As the list of countries challenging Venezuela's presidential election results continues to pile up, one of the most reputable international observers of the electoral process has demanded that detailed results be released immediately, casting a doubt on Maduro's victory until then.

The Carter Center a nonprofit, nongovernmental organization invited by Venezuela's National Election Commission (known by the Spanish acronym CNE), issued a press release on Monday that reads:

The Carter Center calls upon Venezuela's National Election Commission, known by the Spanish acronym CNE, to immediately publish the presidential election results at the polling station level.
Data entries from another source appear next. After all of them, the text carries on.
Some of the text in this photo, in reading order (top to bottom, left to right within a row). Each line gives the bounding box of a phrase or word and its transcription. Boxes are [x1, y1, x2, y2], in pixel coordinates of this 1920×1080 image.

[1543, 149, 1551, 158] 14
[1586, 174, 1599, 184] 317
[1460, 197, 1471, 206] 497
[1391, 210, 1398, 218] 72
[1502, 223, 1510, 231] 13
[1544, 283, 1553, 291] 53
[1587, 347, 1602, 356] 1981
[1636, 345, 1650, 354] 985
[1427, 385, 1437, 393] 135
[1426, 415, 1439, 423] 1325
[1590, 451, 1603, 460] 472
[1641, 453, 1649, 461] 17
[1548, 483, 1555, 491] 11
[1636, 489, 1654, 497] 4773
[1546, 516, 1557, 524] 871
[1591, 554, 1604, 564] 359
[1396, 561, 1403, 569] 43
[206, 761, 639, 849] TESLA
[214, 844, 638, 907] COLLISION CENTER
The Carter Center's technical mission came to observe the July 28 presidential election at the invitation of the CNE. The mission's assessment is based on the Venezuelan legal framework as well as regional and international standards for democratic elections.
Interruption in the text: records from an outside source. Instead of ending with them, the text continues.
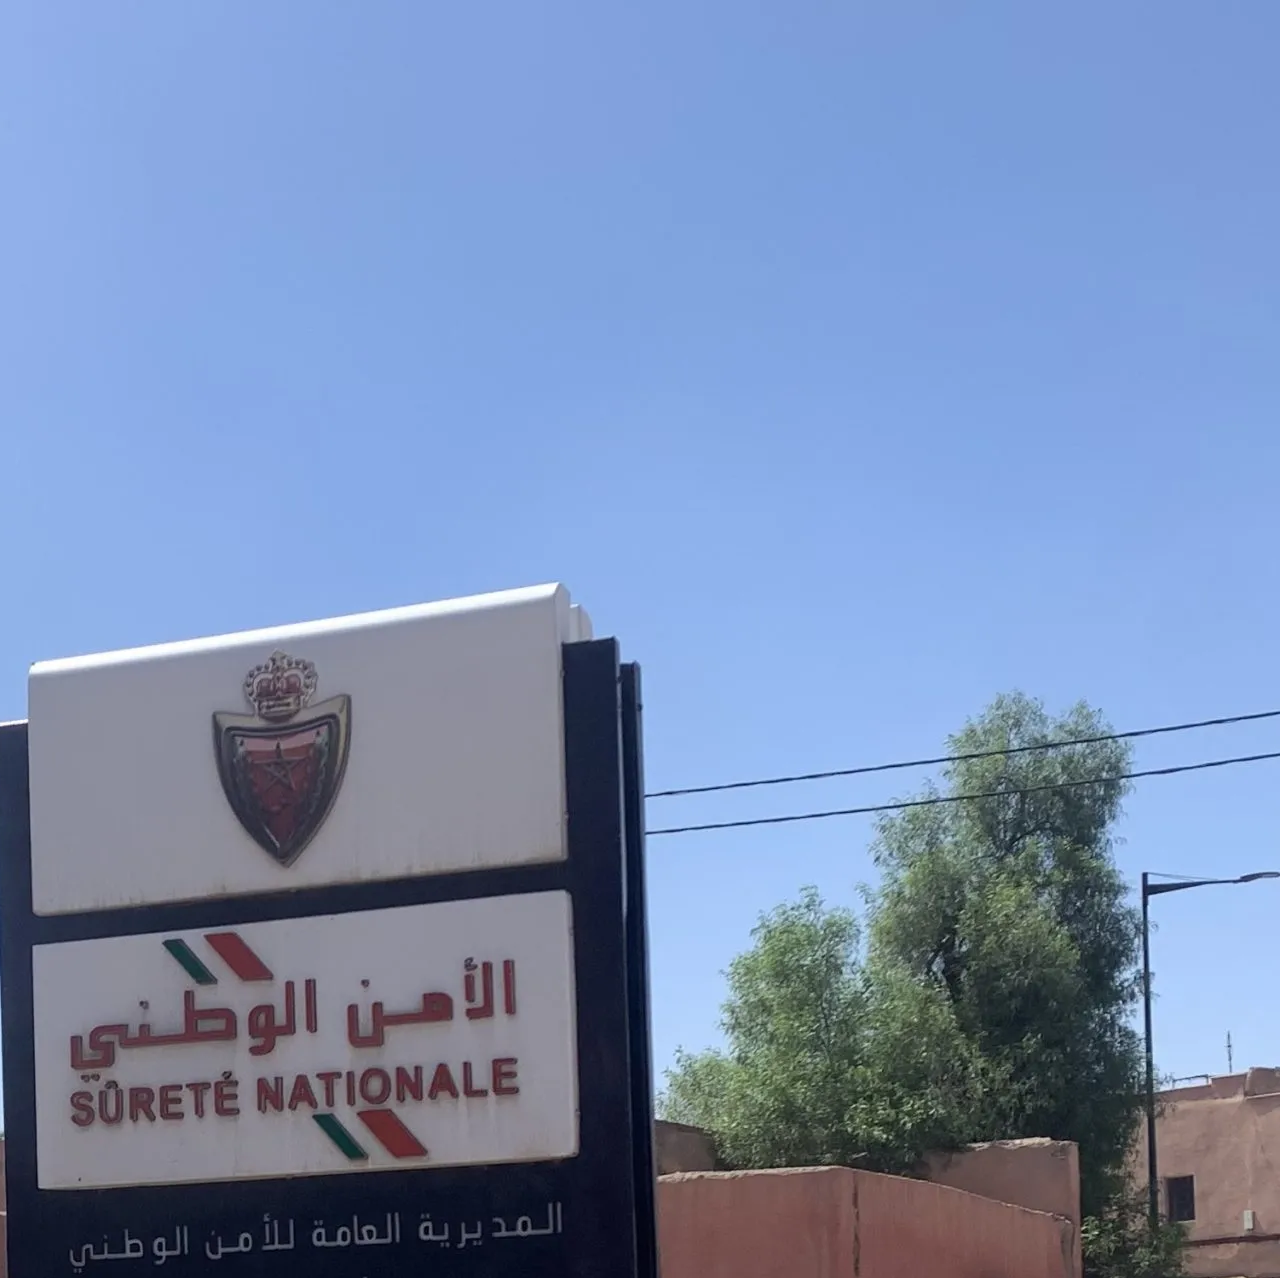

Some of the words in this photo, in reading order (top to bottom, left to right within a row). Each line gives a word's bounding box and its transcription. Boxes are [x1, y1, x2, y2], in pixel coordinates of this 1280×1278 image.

[346, 956, 517, 1050] الأمن
[69, 976, 318, 1084] الوطني
[69, 1070, 241, 1128] SÛRETÉ
[256, 1057, 520, 1115] NATIONALE
[68, 1224, 190, 1274] الوطني
[205, 1213, 295, 1260] للأمن
[311, 1212, 400, 1247] العامة
[418, 1201, 563, 1249] المديرية
The information contained in the polling station-level results forms as transmitted to the CNE is critical to our assessment and important for all Venezuelans.
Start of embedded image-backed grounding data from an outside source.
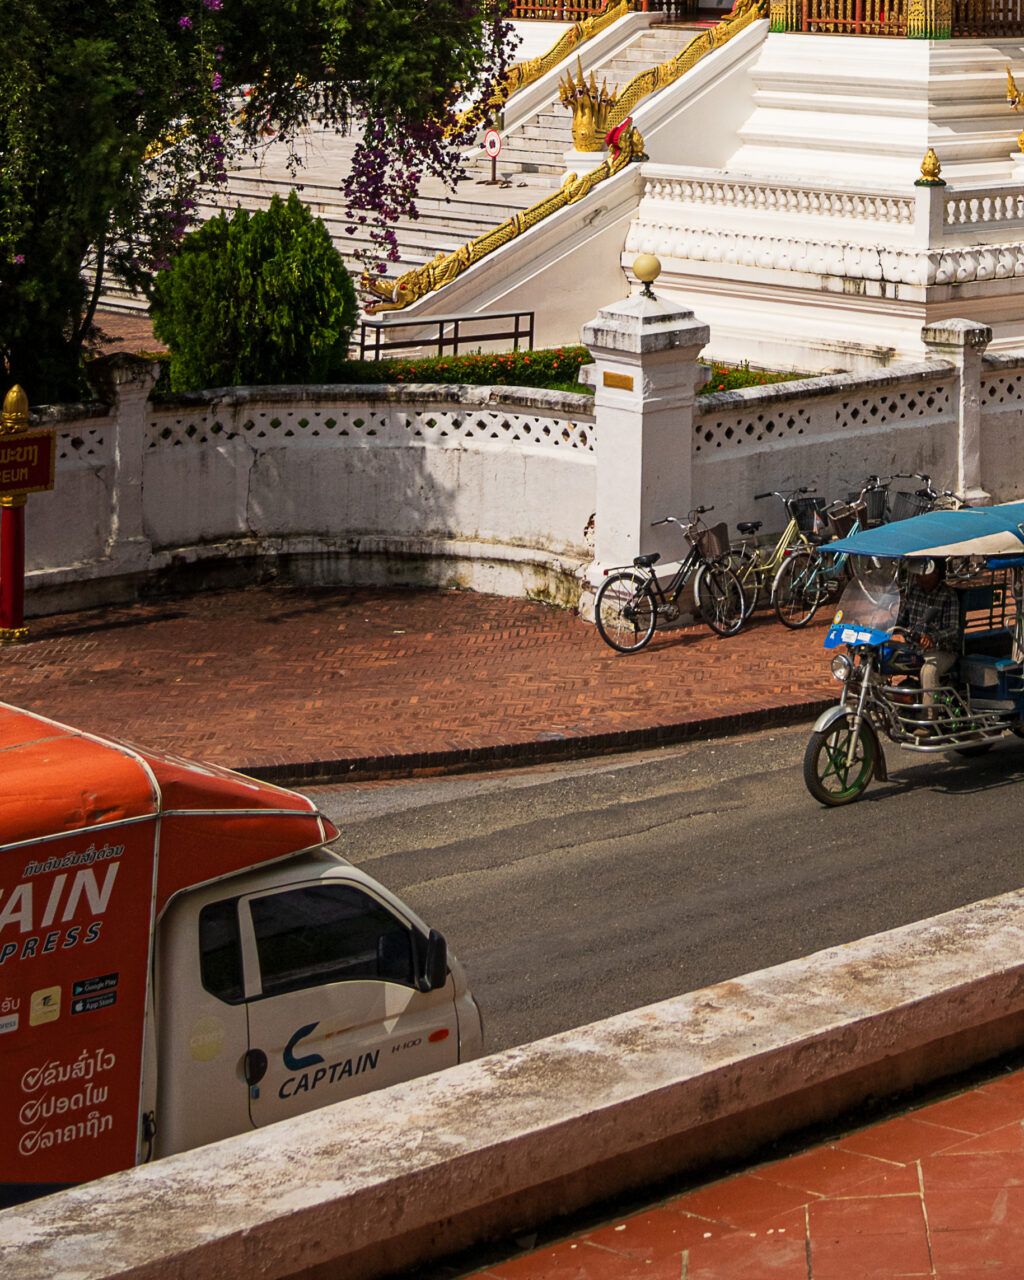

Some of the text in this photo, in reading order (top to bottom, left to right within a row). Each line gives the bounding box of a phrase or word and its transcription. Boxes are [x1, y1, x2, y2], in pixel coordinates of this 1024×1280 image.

[0, 468, 28, 483] EUM
[0, 862, 120, 933] AIN
[278, 1049, 380, 1100] CAPTAIN
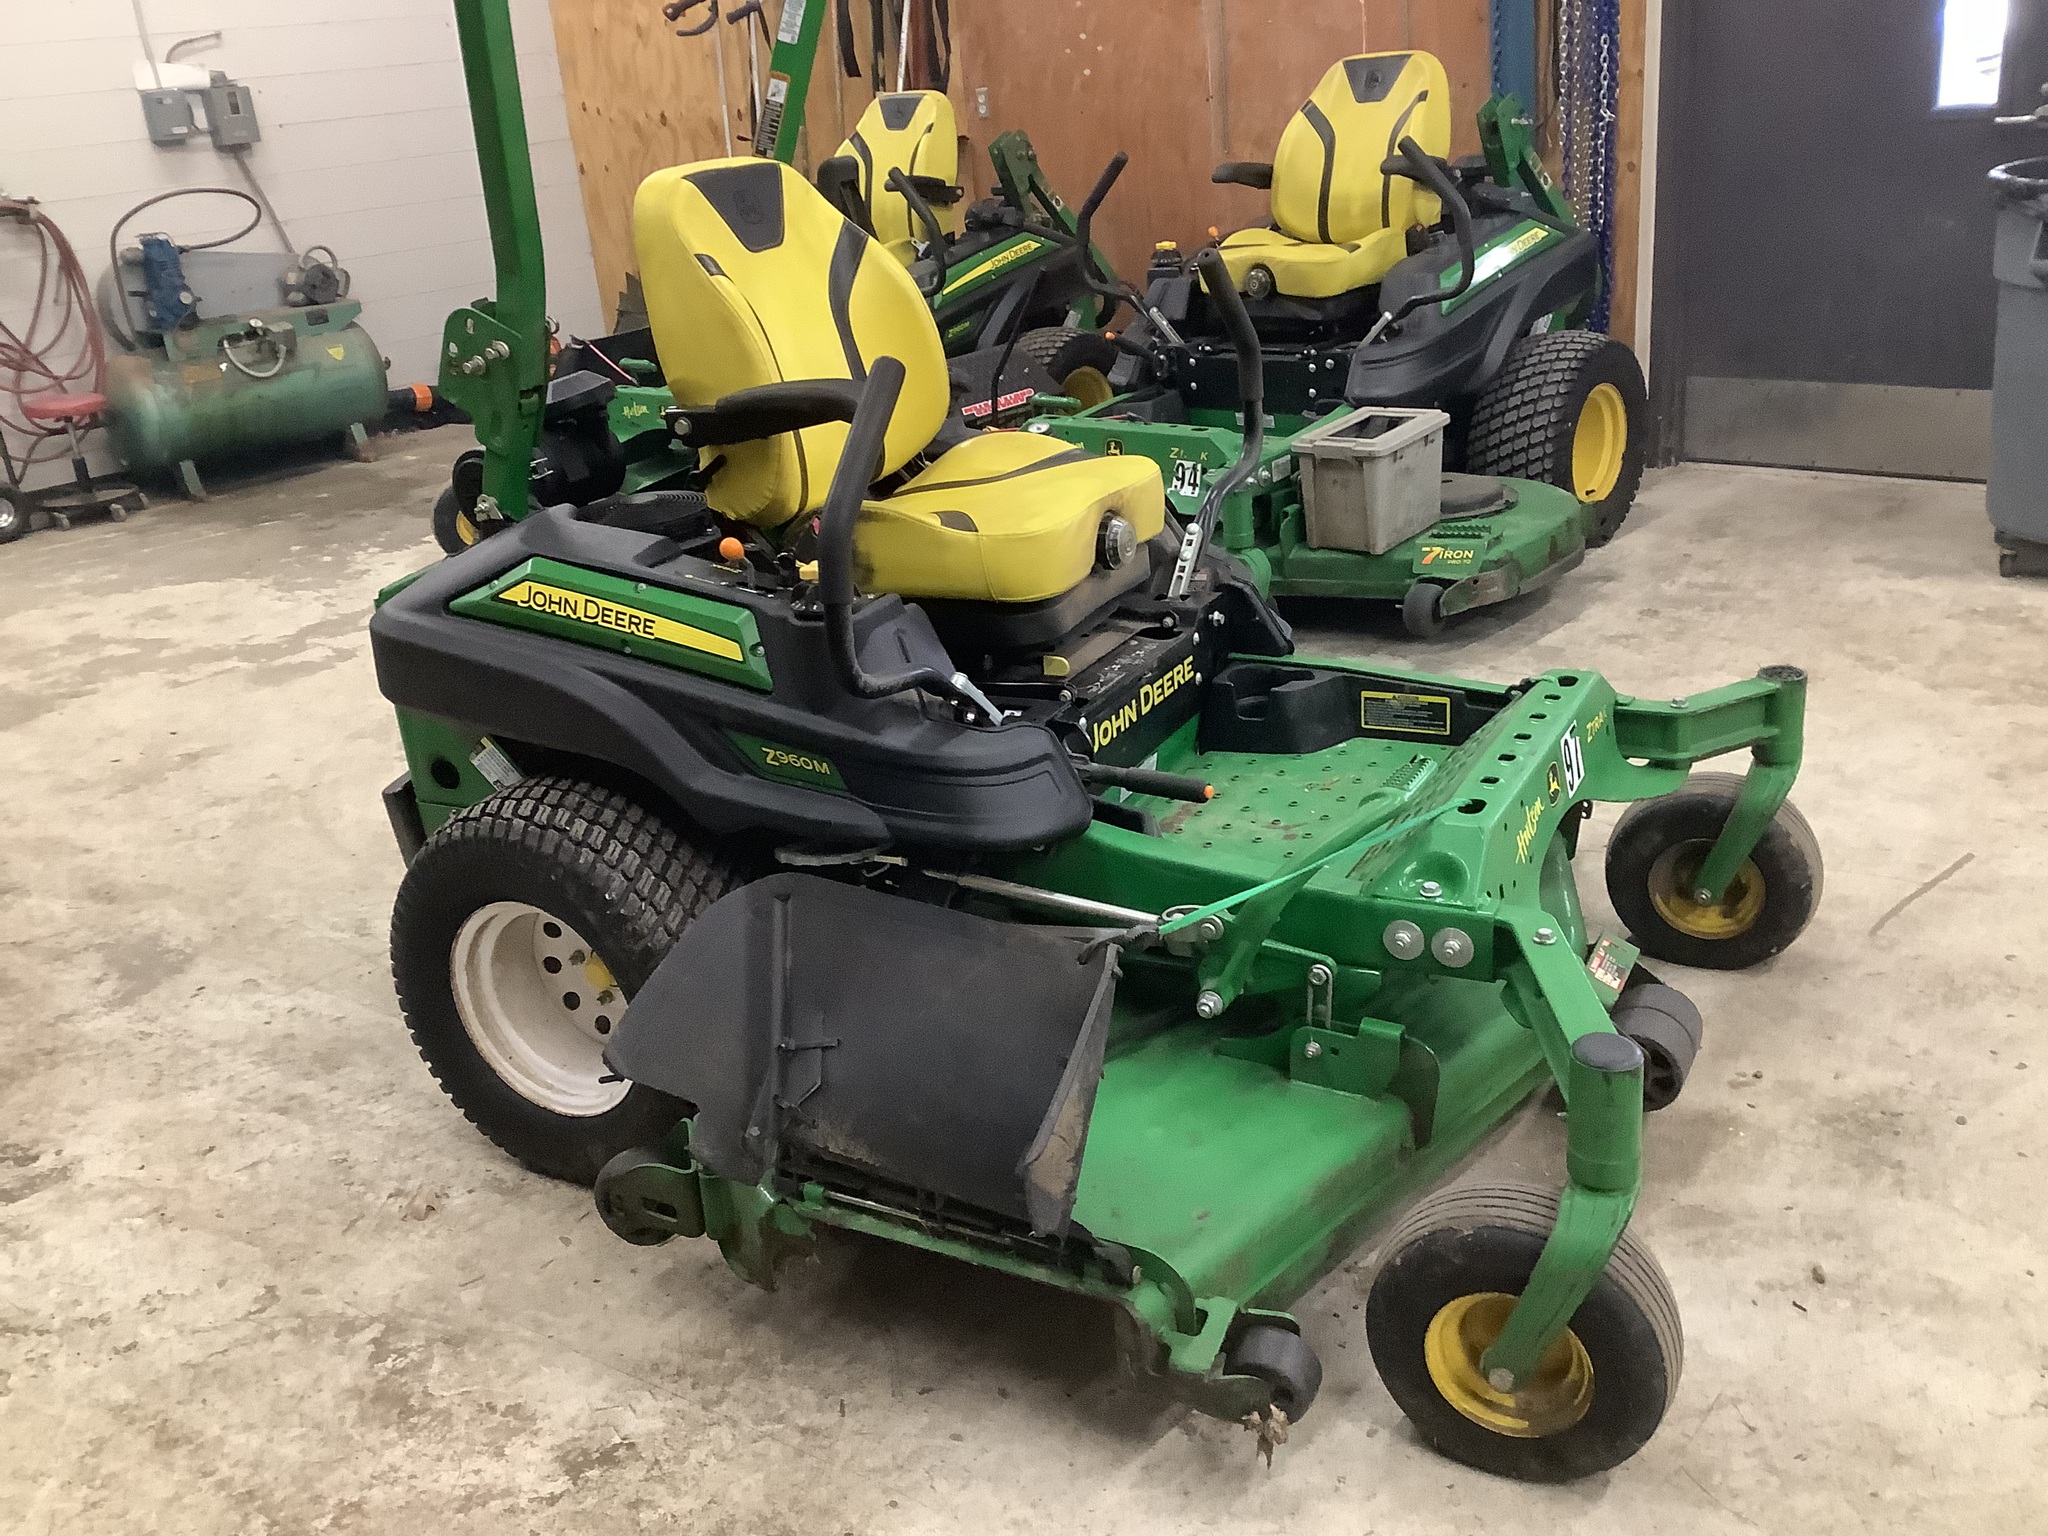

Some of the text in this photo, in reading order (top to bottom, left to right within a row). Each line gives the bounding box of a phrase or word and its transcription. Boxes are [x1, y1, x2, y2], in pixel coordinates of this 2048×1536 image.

[990, 243, 1033, 269] JOHN DEERE
[1174, 462, 1199, 495] 94
[520, 585, 656, 637] JOHN DEERE
[1093, 654, 1195, 754] JOHN DEERE
[761, 746, 831, 775] Z960M
Denounced irregularities around the election abound as several polling stations did not allow opposition observers to perform their duties and over 50% of station-level results enacted automatically after polls closed are still missing. This accounts for over 30,000 polling booths nationwide.

According to its website, The Carter Center started working with Venezuelans in 1996 to help eliminate river blindness and in 1998 to "observe elections, conduct media training, and undertake conflict resolution efforts to strengthen peace and democracy."

The Carter Center also joined forces with the Organization of American States and U.N. Development Program to help mediate a 2002 political crisis between the government and opposition groups that temporarily removed President Hugo Chavez from office. The mediation led to a recall referendum, which the Center also was invited to observe.

The week prior to the elections was filled with bans on several international observers, many of which were deported to their countries or denied entrance into Venezuela. The most prominent was a delegation of former Latin American presidents and a former vice president representing the Initiative for Democracy from Spain and the Americas (IDEA for its initials in Spanish).

The group, consisting of former Presidents Mireya Moscoso of Panama, Miguel Ángel Rodríguez of Costa Rica, Jorge Quiroga of Bolivia, and Vicente Fox of Mexico, were unable to travel to Venezuela after their Copa Airlines flight was prevented from taking off from Panama.